Candi Panataran lies N of Blitar. [map reference: 1507-634 Blitar 12.30 01.00]. It is well sign posted when leaving Blitar, but it's easy to miss the lane giving entrance to the temple as it is marked with various 'do not enter' signs. 

The date of first construction at Panataran is not known. The dated structures on the temple all stem from the Majapahit era, but Krom identifies Panasaran with Palah mentioned in a late 12th C edict, suggesting that the compound is older. 

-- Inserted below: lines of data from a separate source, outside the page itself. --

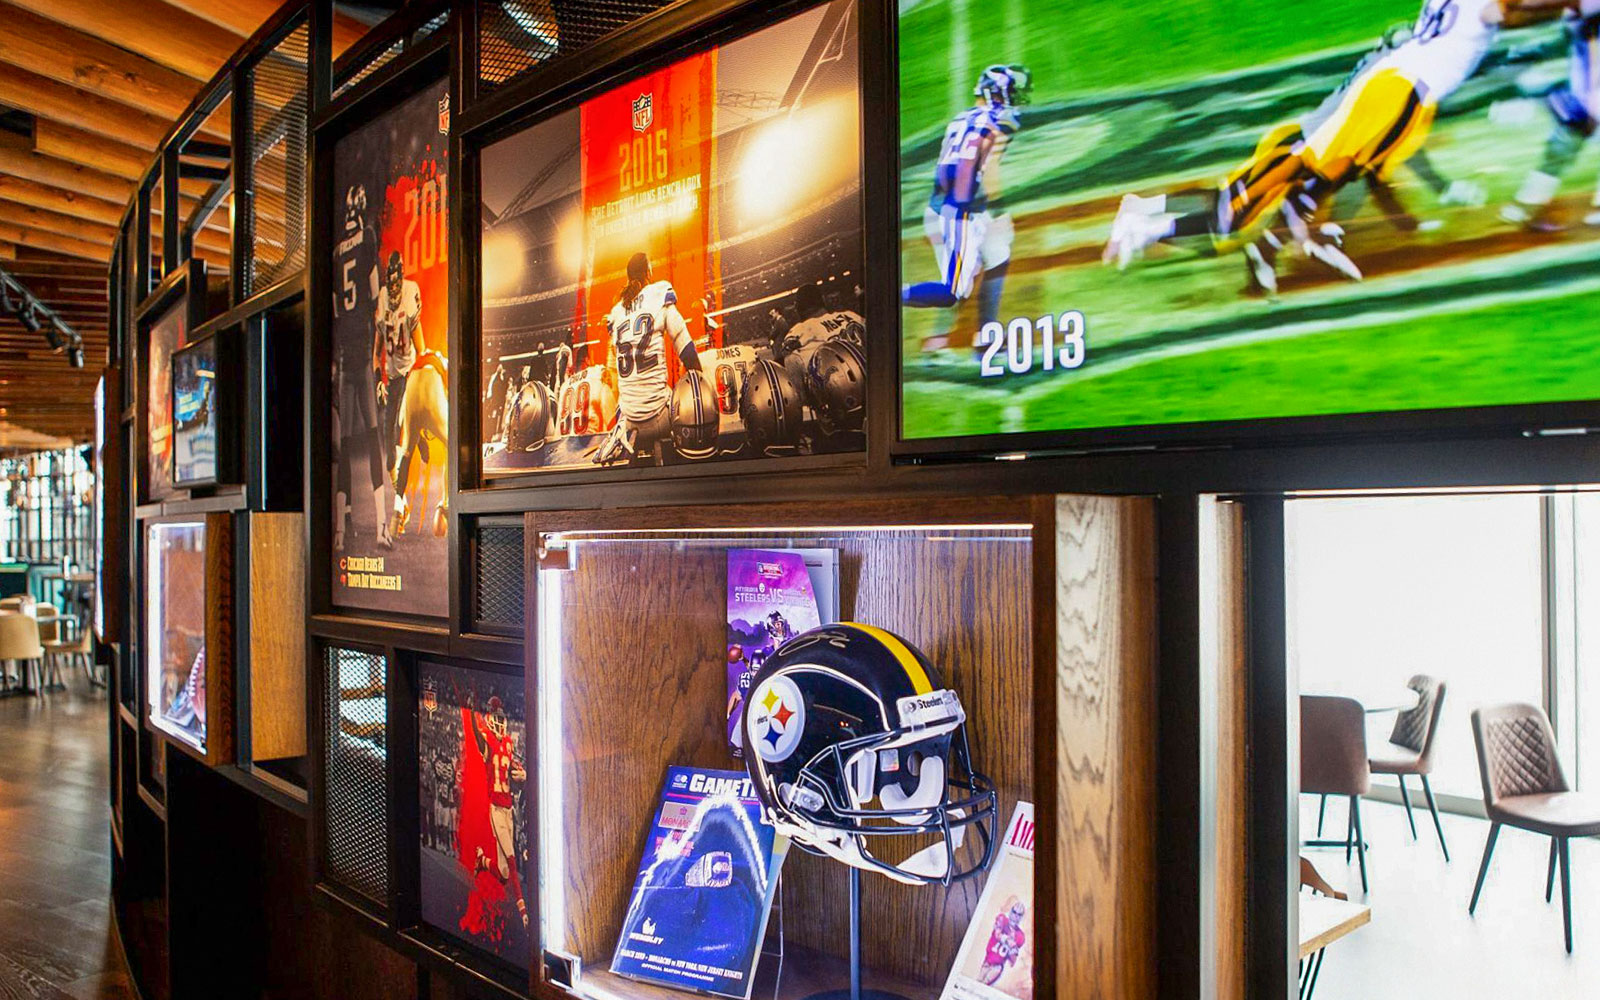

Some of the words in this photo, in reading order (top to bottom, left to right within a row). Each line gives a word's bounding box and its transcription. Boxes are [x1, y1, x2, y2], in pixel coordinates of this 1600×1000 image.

[619, 128, 668, 192] 2015
[635, 189, 656, 208] LIONS
[657, 180, 681, 202] BENCH
[682, 173, 701, 192] LOOK
[343, 258, 357, 311] 5
[616, 313, 659, 379] 52
[980, 310, 1085, 377] 2013
[560, 382, 591, 435] 99
[735, 592, 770, 603] STEELERS
[917, 696, 944, 709] Steelers
[629, 932, 664, 945] WEMBLEY
[641, 962, 662, 972] OFFICIAL
[663, 966, 681, 975] MATCH
[681, 970, 714, 982] PROGRAMME
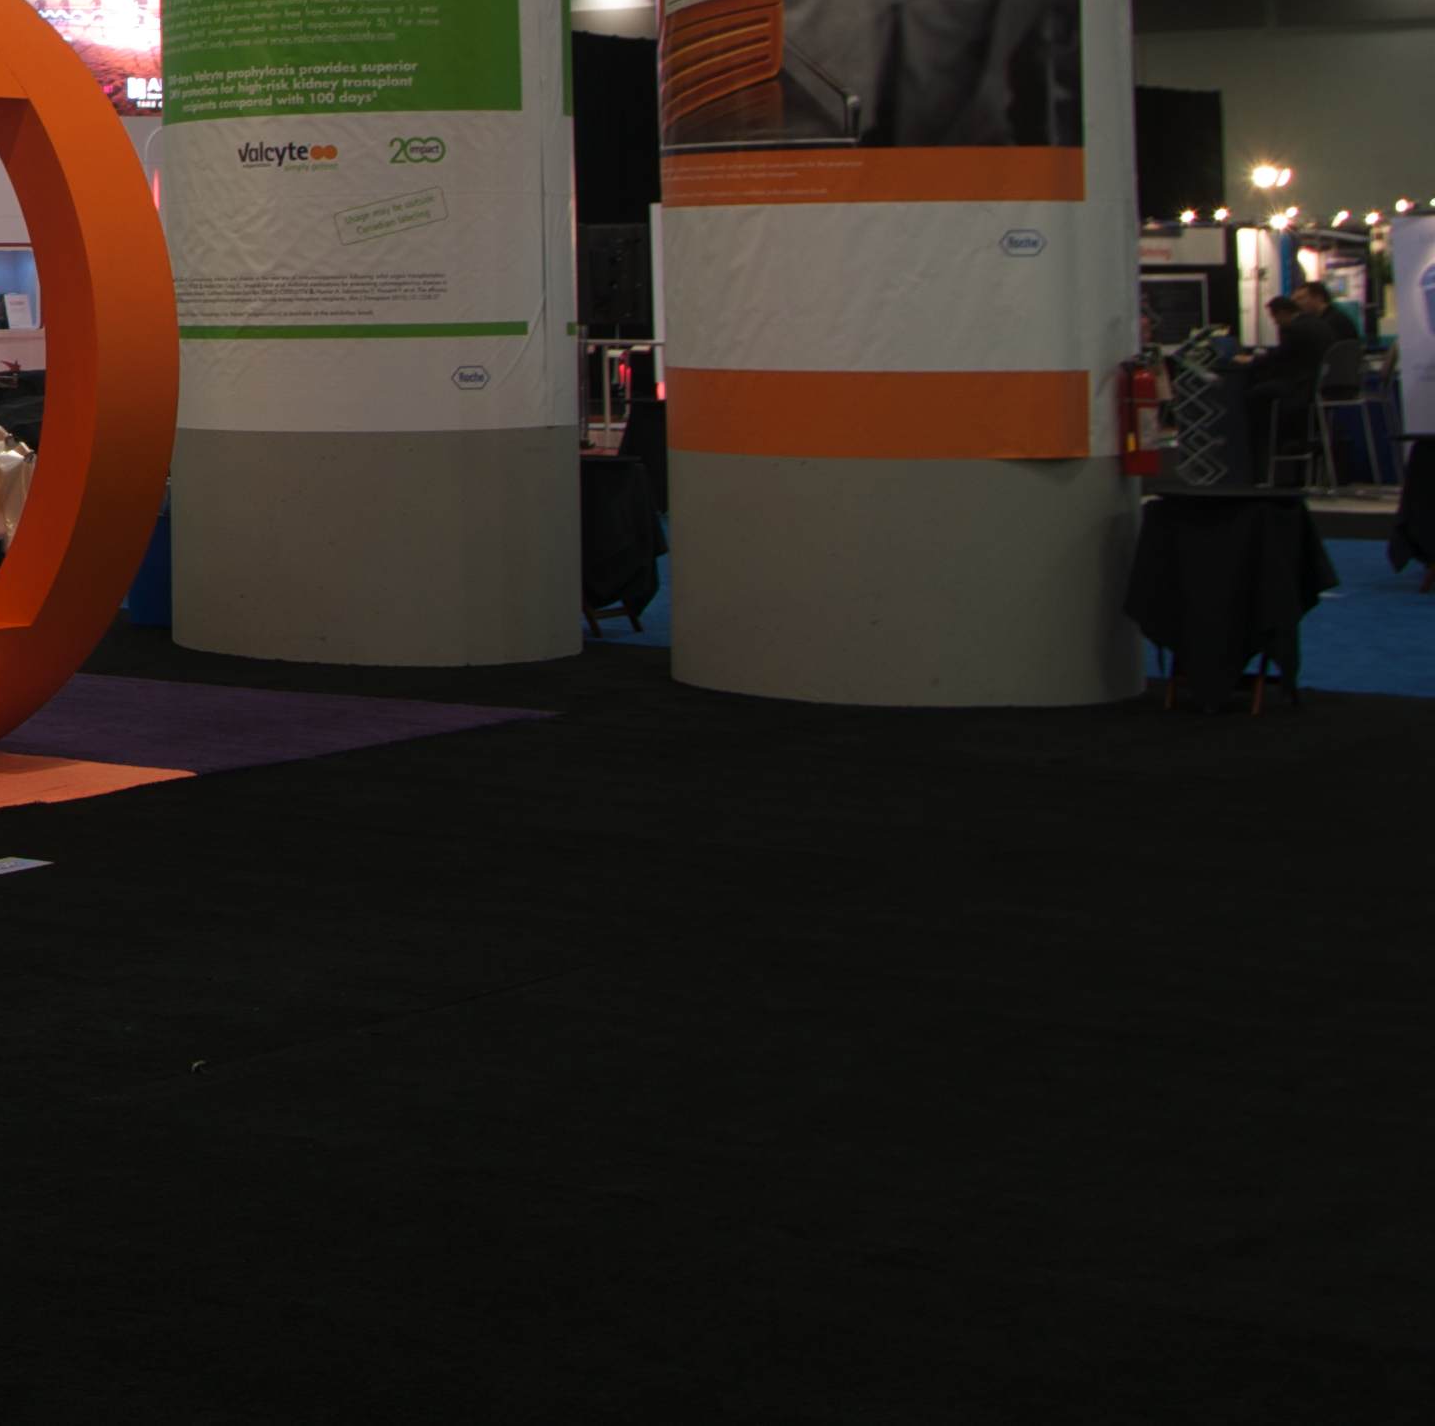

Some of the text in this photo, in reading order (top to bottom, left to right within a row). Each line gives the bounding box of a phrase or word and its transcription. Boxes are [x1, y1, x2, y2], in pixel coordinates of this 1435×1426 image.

The temple is consacrated to Ciwa as Lord of the Mountain. Klokke (2003) notes that the later East Javanese period saw the emergence of a cult of holy water and mountain worship. On Java,  mountains, and in particular Mount Sumeru, rather than the ocean, are seen as the source of the holy water (amerta). Within this scheme, the principal structure of Panataran would represent Mount Meru, while the Naga Temple was a storeroom for holy water (amerta). 

Description of architecture

The complex measures 180m x 60m in three yards. The first yard has three main buildings: a main <terrace> or balai agung, the Pendopo Terrace dated 1297 Saka (1375AD) and the Dated Temple (1291 Saka in the door or 1369AD). Candi Naga is the principal building of the middle yard. The Eastern yard has a three storeyed temple with three terraces - the upper section of the temple is missing. The first two storeys carry narrative reliefs, while Level 3 has dragons and winged lions carved in relief, but without narrative sections. It has been reassembled and now stands to the North of the main temple. Outside (SE) of the the yards there are two important remains, a bathing place dated saka 1337 (1415AD) and a westward looking bathing place which is 200 m removed to the east. 

Description of reliefs

The Pendopo Terrace has reliefs that run in a counterclockwise direction. The reliefs show the stories in a continuous sequence. The stories of Bubuksah and Sri Tanjung have been positively identified on respectively the East and West side. Another story sequence runs on the panels between Bubuksah and Sri Tanjung.Stein Callenfels identified this as the story of Sang Satyawan telling the story of an ordinary woman who follows her divine husband to become an ascetic. This identification fits only loosely. Kinney (2003: 204) notes that a a number of the sequences are similar to those found on the base of Candi Rimbi

The first terrace of the principal building in the Eastern yard has Ramayana reliefs starting with Hanoman's arrival on Langka up until the death of Kumbakarna. The story should be followed by walking counter clockwise from the SW side.Stutterheim (1925) most closely identifies this series with the OJ Ramayana Kakawin, as opposed to the reliefs on Prambanan, that most closely resemble the Hikayat Sri Rama.On level two there are scenes from the Kresnayana depicting how Krishna married Rukmini. Start from the West side from the right (north) staircase and walk clockwise.  The story Ramayana story is told in 106 separate panels, unlike that of the Kresnayana where the reliefs show scenes in a continuous sequence. 

Throughout the complex there are reliefs showing Tantri stories. 

Rediscovery and restoration

The temple was first rediscovered in 1815 but remained virtually unknown until 1850. The complex was in a bad state of decay, and the superstructure of most buildings had disappeared. The pendopo and the naga temple almost certainly had wooden superstructures. The first restorations were locally planned and executed in 1901, even though in that year the Central Government installed a Committee in charge of such works. Two masons set to work under supervision of an inspector of the local Public Works Department. 

Panataran was to be the first major restoration that Krom, the second head of the OD was to take charge of. Krom preferred minimal restoration to prevent decay - so unlike Brandes who he succeeded at the OD - and he must have been appalled by what he found at Panataran where he started excavating the grounds in 1915. Krom returned to the Netherlands in that year, and the restoration proper was started under FDK Bosch his successor at OD.

The dated temple was the first to be restored. Many of its missing parts were found such that a rebuild was made possible using some blank stones to give support where the original stones were not to be found. Next followed the Naga temple. The restorations were completed in 1918.